Michael Rout

Michael P Rout
Occupation(s)	Molecular and cellular biologist
Awards	Max Perutz Student Prize, MRC Laboratory of Molecular Biology (1989) Jane Coffin Childs Postdoctoral Fellowship,Jane Coffin Childs Memorial Fund for Medical Research (1990) Irma T. Hirschl Career Scientist Award, Icahn School of Medicine at Mount Sinai (1999) Rita Allen Foundation Scholarship, Rita Allen Foundation (2000) Presidential Early Career Award for Scientists and Engineers, National Science and Technology Council (2001)
Academic background
Education	BA MA (Cantab) PhD
Alma mater	University of Cambridge
Thesis	The Structure and Function of the Spindle Pole Body of the Yeast, Saccharomyces
Academic work
Institutions	The Rockefeller University National Center for Dynamic Interactome Research (NCDIR)

Michael P Rout is a molecular and cellular biologist. He is the George and Ruby deStevens Professor and Head of the Laboratory of Cellular and Structural Biology at The Rockefeller University,^[1] as well as the Director of the National Center for Dynamic Interactome Research (NCDIR).^[2]

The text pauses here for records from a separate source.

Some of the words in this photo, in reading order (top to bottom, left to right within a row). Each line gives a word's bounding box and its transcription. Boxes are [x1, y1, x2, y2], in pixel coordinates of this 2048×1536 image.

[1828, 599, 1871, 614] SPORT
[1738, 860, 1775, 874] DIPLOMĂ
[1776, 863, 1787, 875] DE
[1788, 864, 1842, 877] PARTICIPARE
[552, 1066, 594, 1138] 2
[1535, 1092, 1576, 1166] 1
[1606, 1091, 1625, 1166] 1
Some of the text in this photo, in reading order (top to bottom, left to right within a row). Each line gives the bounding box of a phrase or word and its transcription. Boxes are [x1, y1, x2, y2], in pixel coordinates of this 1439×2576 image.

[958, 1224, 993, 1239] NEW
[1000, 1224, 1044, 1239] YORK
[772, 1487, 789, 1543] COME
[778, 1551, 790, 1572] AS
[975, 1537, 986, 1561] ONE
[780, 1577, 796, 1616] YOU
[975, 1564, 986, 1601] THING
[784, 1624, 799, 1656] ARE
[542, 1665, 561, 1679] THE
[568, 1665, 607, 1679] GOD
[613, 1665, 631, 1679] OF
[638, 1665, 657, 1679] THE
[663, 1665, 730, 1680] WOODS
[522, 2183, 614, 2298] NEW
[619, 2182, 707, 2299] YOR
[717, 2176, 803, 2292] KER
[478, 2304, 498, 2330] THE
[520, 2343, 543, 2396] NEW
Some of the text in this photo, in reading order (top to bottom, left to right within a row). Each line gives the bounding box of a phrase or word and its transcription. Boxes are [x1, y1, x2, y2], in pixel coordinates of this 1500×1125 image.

Rout's research focuses on the assembly and interactions of protein complexes in cells and their disease-related alterations. His particular focus is on the nuclear pore complex (NPC); collectively, his work and that of his colleagues have rationalized the architecture, transport mechanisms, and evolutionary origins of the NPC, and have helped explain why defects in the NPC contribute to the etiology of several diseases.^[3] Expanding the scope of his research, he established the NCDIR with support from the National Institutes of Health (NIH).^[4] He has received several awards for his work including the Max Perutz Student Prize by MRC Laboratory of Molecular Biology in 1989,^[5] Irma T. Hirschl Career Scientist Award by Icahn School of Medicine at Mount Sinai in 1999,^[6] Rita Allen Foundation Scholarship by the Rita Allen Foundation in 2000,^[7] Presidential Early Career Award for Scientists and Engineers (PECASE) by the National Science and Technology Council (NSTC) in 2001,^[8] Distinguished Teaching Award by The Rockefeller University in 2018,^[9] and the Emerging Leader Award by Bay Area Lyme Foundation in 2021.^[10]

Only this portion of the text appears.